Wednesday, November 14, 2007

Who Would Know Better

Not too long ago, PaddyMac tried to defend the use of waterboarding, scrambling to find ways to defend this indefensible position. Mike Mathias of Pundit Nation easily refuted his inane rationalizations.

One source that PaddyMac won't be using to bolster his wrongheaded arguments is an actual columnist and author, Joseph Galloway. Mr. Galloway is a military columnist and former senior military correspondent for Knight Ridder Newpapers. He wrote a column titled "Memo to Media: I Witnessed 'Waterboarding'-And Yes, It is Torture". Here is an excerpt from that column:

Waterboarding was torture when it was used during the Spanish Inquisition; it was torture when it was used on Filipino rebels during the 1890s; it was torture when the Japanese Army used it on prisoners in World War II; it was torture when it was used by the Khmer Rouge in Cambodia; and it's torture when CIA officers or others use it on terrorists.

When George W. Bush was the governor of Texas, the state investigated, indicted, convicted and sentenced to prison for 10 years a county sheriff who, with his deputies, had waterboarded a criminal suspect. That sheriff got no pardon from Gov. Bush.
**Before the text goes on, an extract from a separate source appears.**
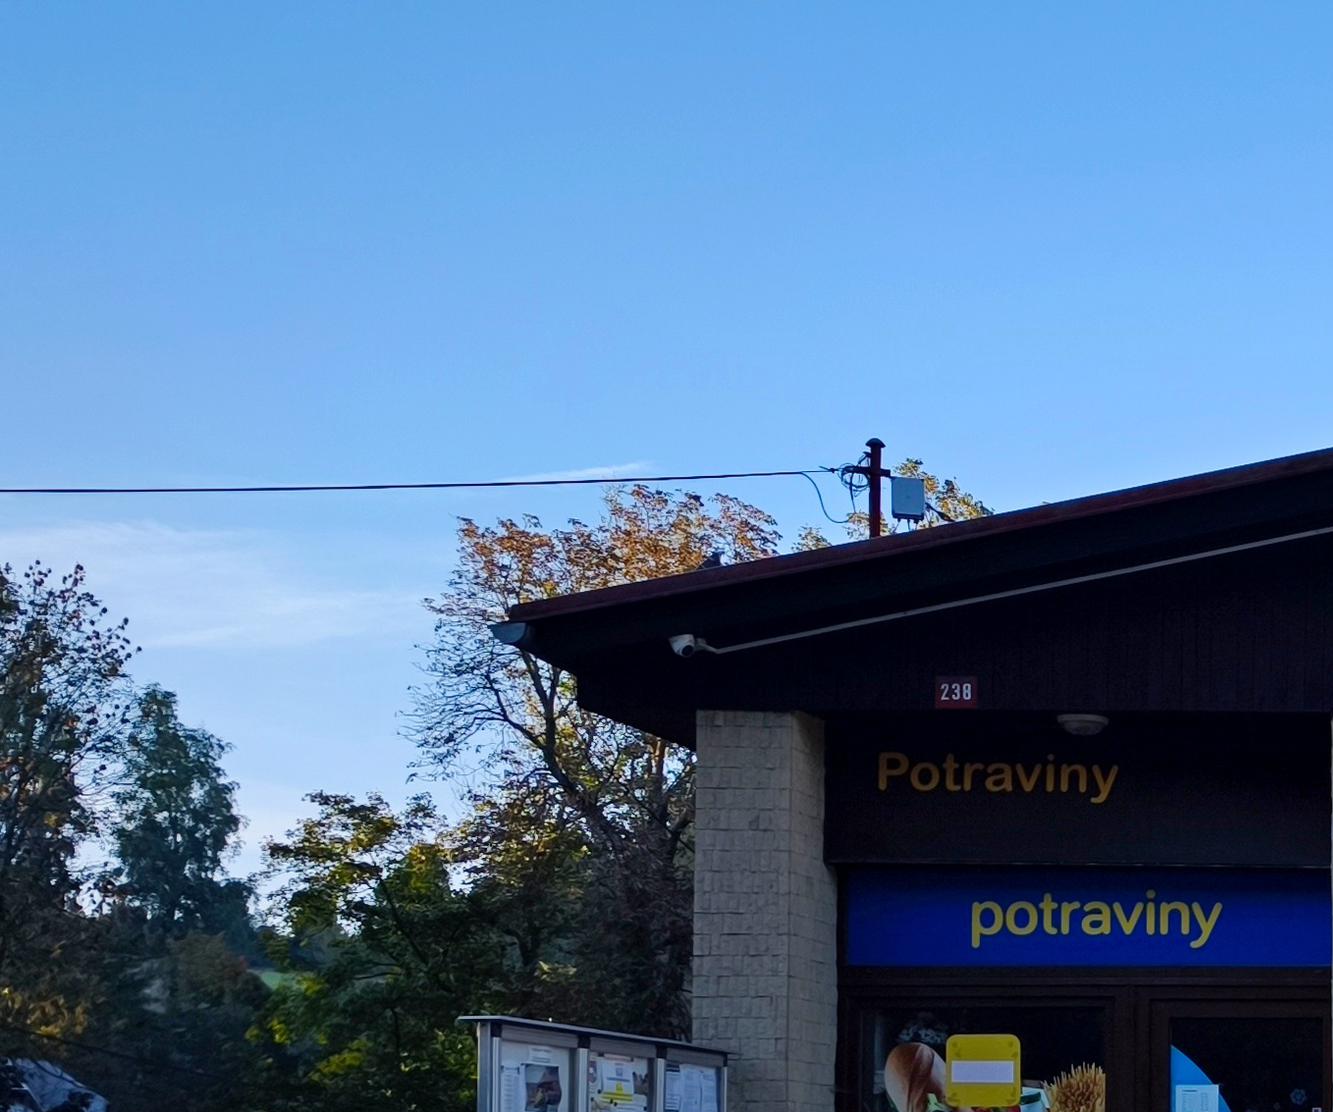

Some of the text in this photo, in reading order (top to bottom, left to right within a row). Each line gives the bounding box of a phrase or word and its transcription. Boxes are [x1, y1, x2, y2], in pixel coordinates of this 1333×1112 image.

[940, 683, 972, 700] 238
[877, 752, 1119, 804] Potraviny
[970, 890, 1223, 949] potraviny
Waterboarding is torture in the eyes of all civilized peoples, no matter how desperately President George W. Bush tries to rewrite the English language, with which he has only a passing familiarity, anyway. No matter how desperately his entire administration tries to redefine the word "torture" to cover the fact that not only have they acquiesced in its use, but they also have ordered its use.

1 comment:

  1. The bizarre Patrick McIlheran, who never hesitates to shove his faith into our faces, or at least purports to defend those who would, said he would never fear simulated drowning for he never commits crimes. Forgetting the crimes of logic he commits each time he writes, I propose a thought exercise. Jesus the Christ was lawfully arrested by Caesar's state. In fact, the Nazarene submitted to the arrest. Before he was subjected to lawful capital punishment, he was scourged, pierced in the side and made to wear a crown of thorns. I ask the pseudo-Catholic McIlheran, would it be lawful then to put crowns of thorns on the heads of the people we would interrogate? May we pierce them in the side?